Counting calories, though tedious, may be a helpful strategy for getting a feel of how much food you need each day. A 2,000-calorie diet is a healthy average to aim for, though this number may be higher or lower based on your specific needs.
Keep in mind that eating too few calories can be just as detrimental as eating too many calories. Do not impose a severe calorie restriction when dieting. Starvation has very negative impacts on your health and causes muscle wasting.
In difficult cases, your doctor may recommend bariatric surgery, which is also known as gastric bypass surgery.
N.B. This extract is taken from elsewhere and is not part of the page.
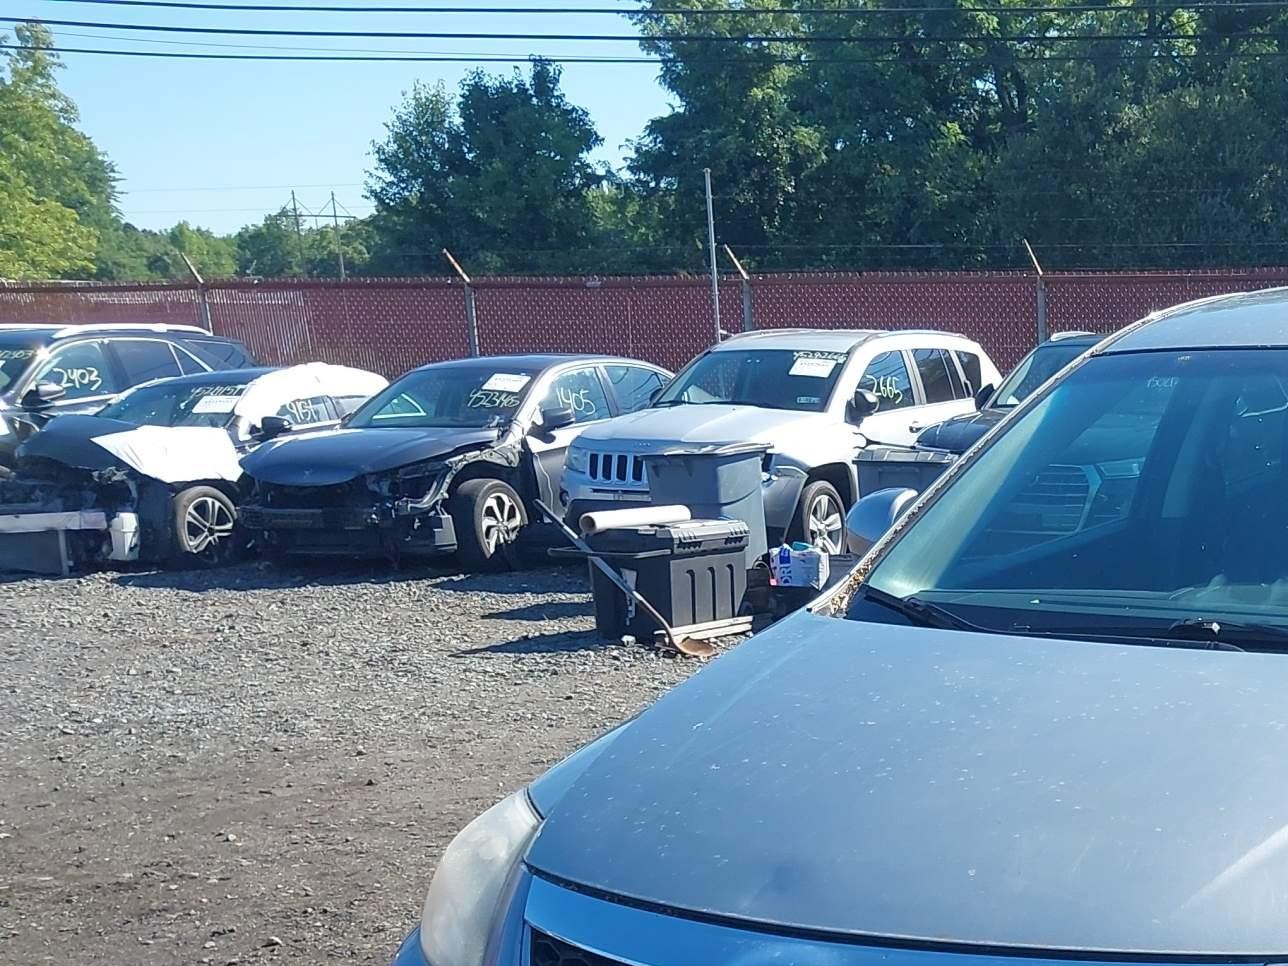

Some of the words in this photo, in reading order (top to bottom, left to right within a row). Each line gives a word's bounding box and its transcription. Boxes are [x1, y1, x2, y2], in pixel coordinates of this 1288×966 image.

[52, 367, 102, 391] 2403
[865, 374, 903, 404] 2665
[556, 387, 595, 415] 1405
Can Prediabetes Be Reversed?
Absolutely. Prediabetes has not yet advanced to type 2 diabetes, and it doesn’t have to. Because prediabetes is a less advanced form of insulin resistance, it may respond even more readily to lifestyle changes than type 2 diabetes.
Consult Your Physician and Dietician
Always follow your physician’s medical advice. Your doctor may put you on diabetes medications like metformin that improve metabolic function. A healthy diet and lifestyle changes will work together with medications to provide optimal results.
If you have questions about how to adapt the number of carbohydrates to your specific needs, consult a registered dietician who can weigh all contributing factors and make a meal plan that works best for you.
So, can you get rid of diabetes? Yes, you can. Though you may be at a higher risk for relapse than someone without type 2 diabetes, you can be completely free of symptoms and indicators as long as you maintain a positive lifestyle and diet.